> [TASK OBJECTIVE]
Write out every entry, unchanged. Skip any picture.

> [EXERCISE MATERIALS]
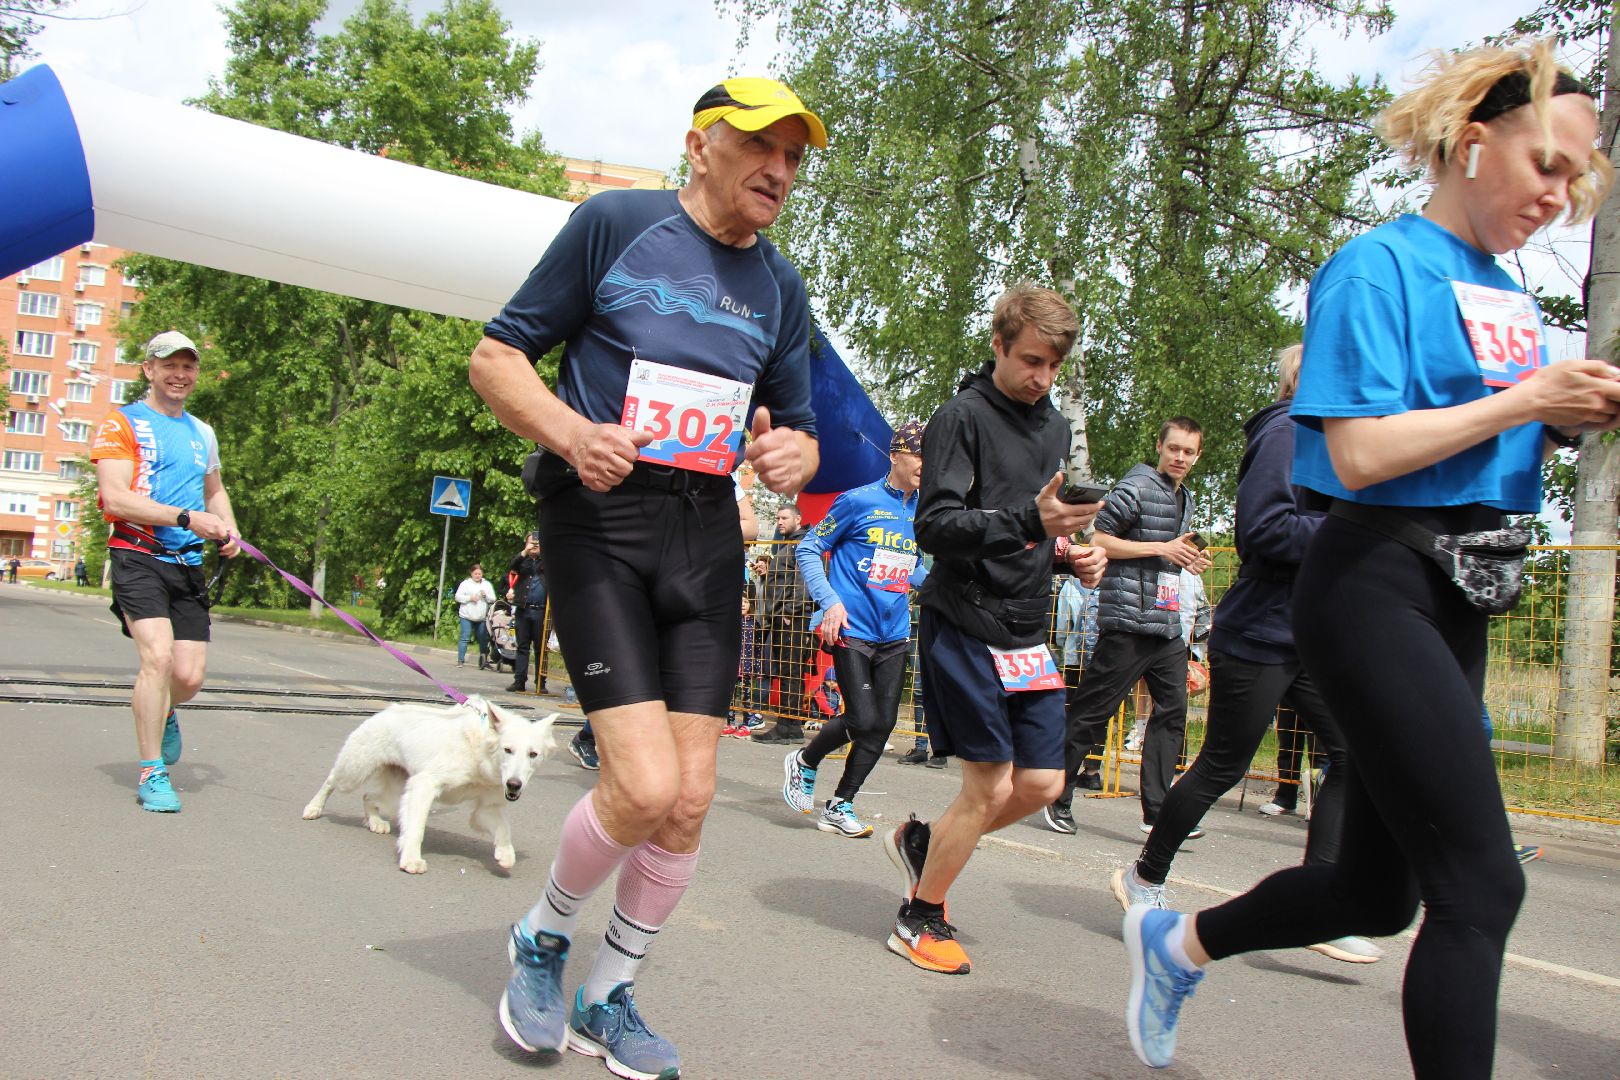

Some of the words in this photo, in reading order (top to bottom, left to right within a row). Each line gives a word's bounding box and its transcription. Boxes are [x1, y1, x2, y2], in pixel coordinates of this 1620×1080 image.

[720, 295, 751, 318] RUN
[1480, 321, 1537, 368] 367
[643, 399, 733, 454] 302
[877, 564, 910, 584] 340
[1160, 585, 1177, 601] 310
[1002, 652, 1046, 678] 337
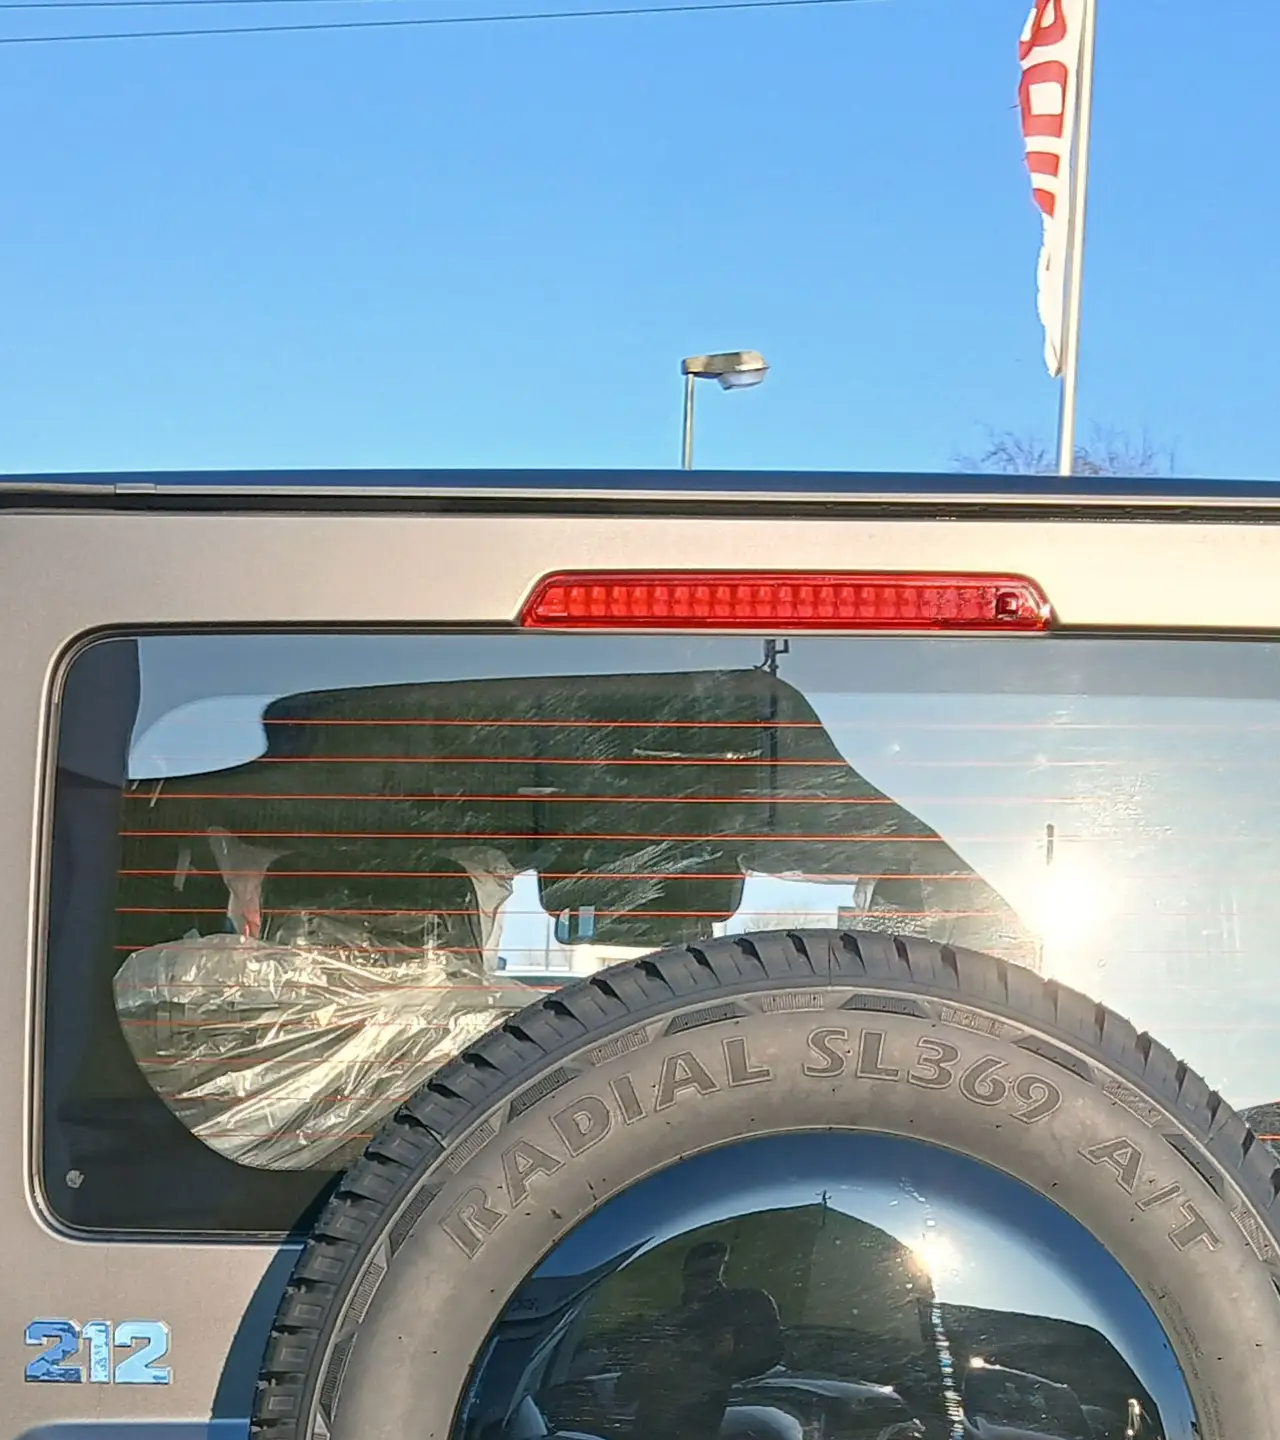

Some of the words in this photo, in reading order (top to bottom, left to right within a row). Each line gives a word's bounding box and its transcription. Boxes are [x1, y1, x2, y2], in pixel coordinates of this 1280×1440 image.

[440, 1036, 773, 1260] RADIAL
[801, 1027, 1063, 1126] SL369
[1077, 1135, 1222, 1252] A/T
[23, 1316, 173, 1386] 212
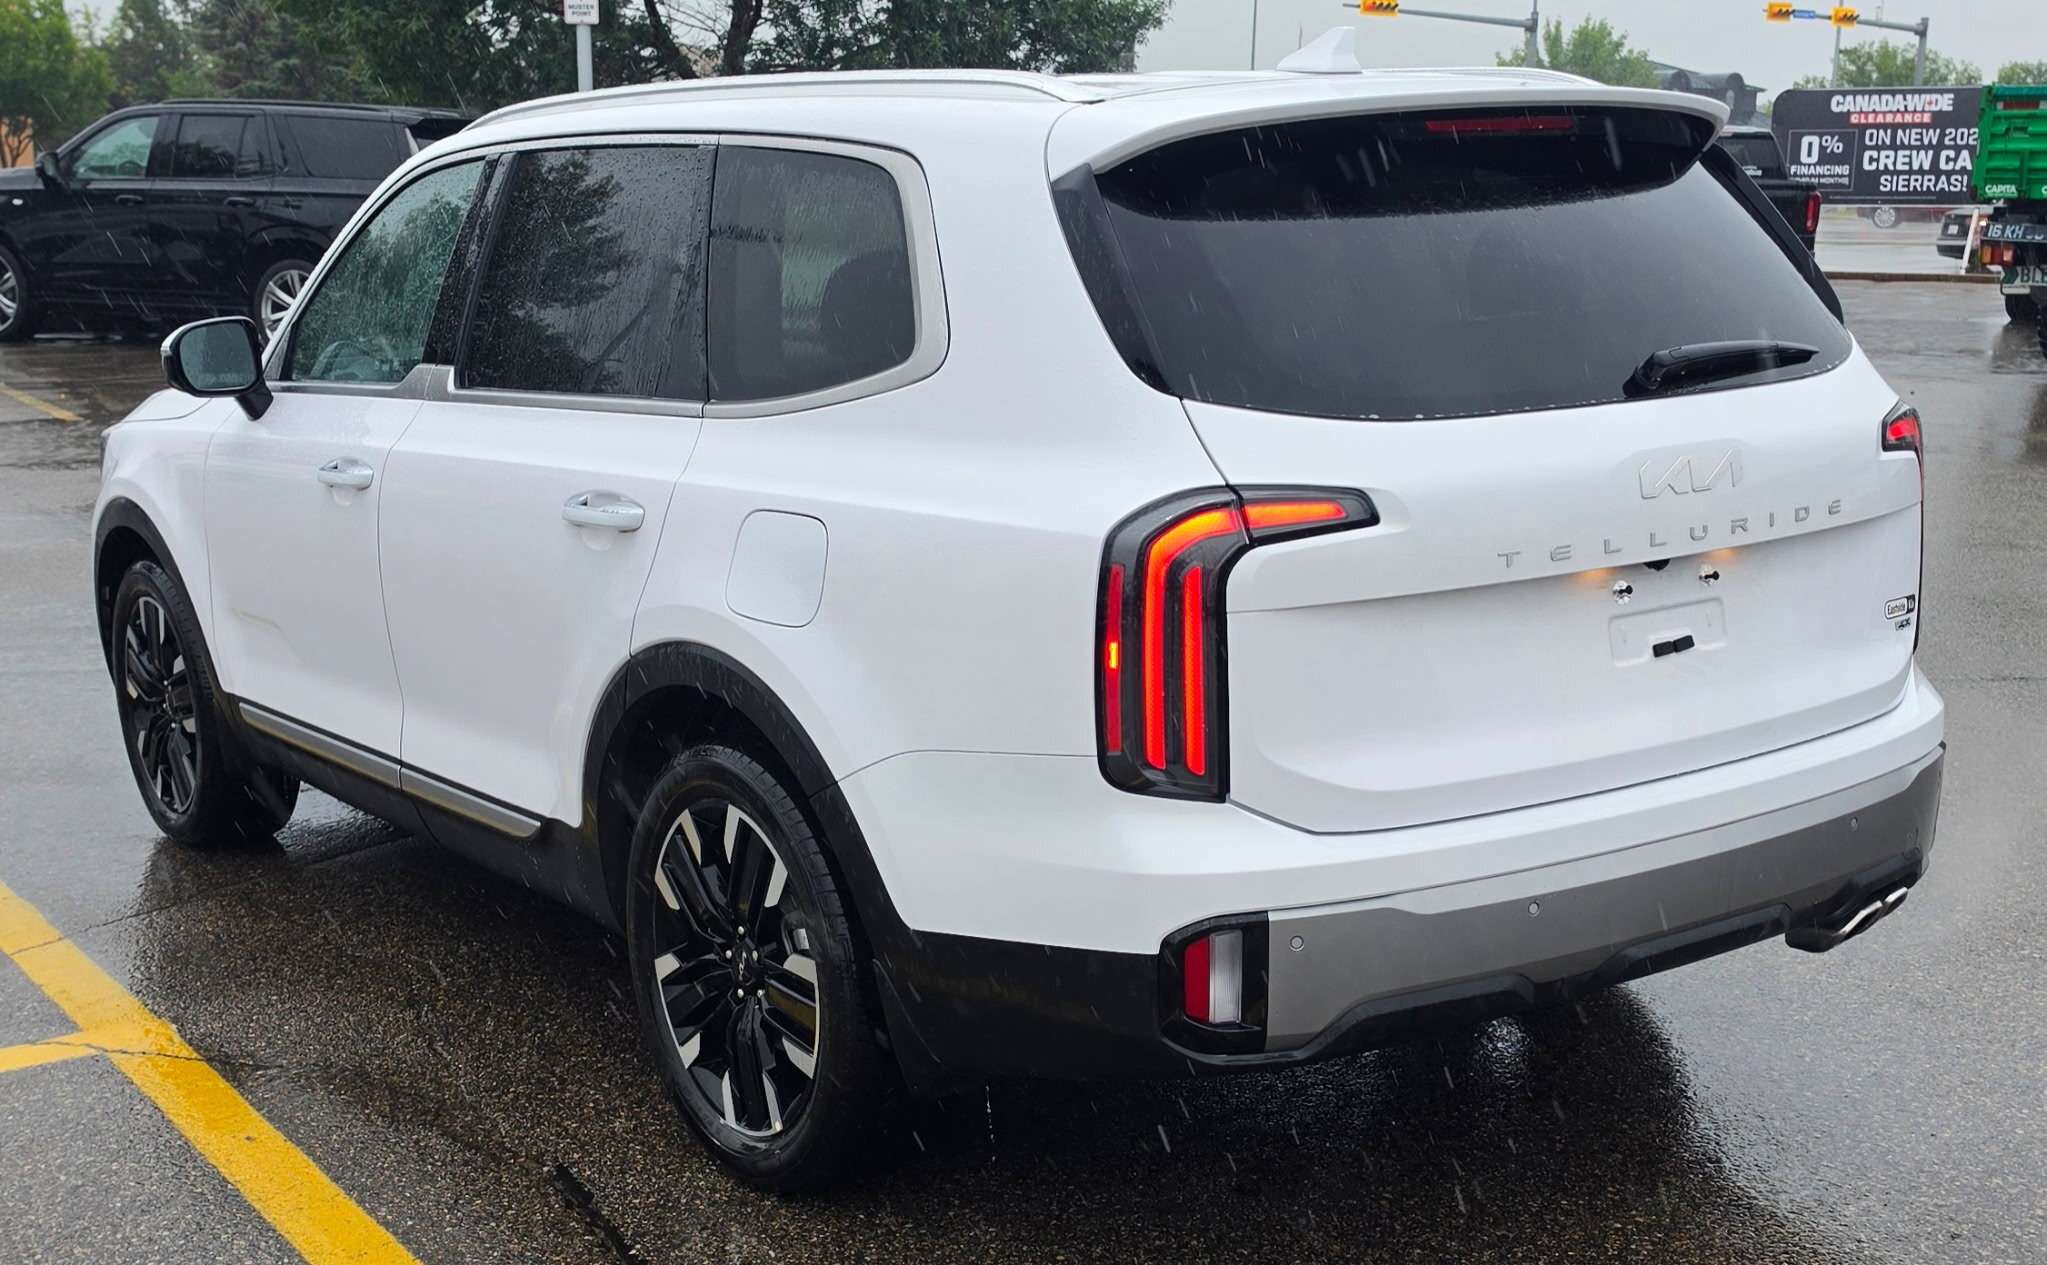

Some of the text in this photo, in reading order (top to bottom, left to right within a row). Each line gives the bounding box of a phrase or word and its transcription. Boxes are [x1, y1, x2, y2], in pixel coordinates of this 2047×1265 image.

> [RESPONSE TO THIS TASK]
Some of the words in this photo, in reading order (top to bottom, left to right within a row). Each line gives a word's bounding box and its transcription. Boxes are [x1, y1, x2, y2], in pixel coordinates of this 1620×1080 image.

[720, 295, 751, 318] RUN
[1480, 321, 1537, 368] 367
[643, 399, 733, 454] 302
[877, 564, 910, 584] 340
[1160, 585, 1177, 601] 310
[1002, 652, 1046, 678] 337

Some of the words in this photo, in reading order (top to bottom, left to right within a row). Each line gives a word's bounding box and its transcription. Boxes are [x1, y1, x2, y2], in pixel coordinates of this 1280×1440 image.

[440, 1036, 773, 1260] RADIAL
[801, 1027, 1063, 1126] SL369
[1077, 1135, 1222, 1252] A/T
[23, 1316, 173, 1386] 212

Some of the text in this photo, in reading order (top to bottom, left to right within a row). Each line gives the bounding box of a phrase or word and its transcription. Boxes are [x1, y1, x2, y2], in pixel coordinates of this 2047×1265 image.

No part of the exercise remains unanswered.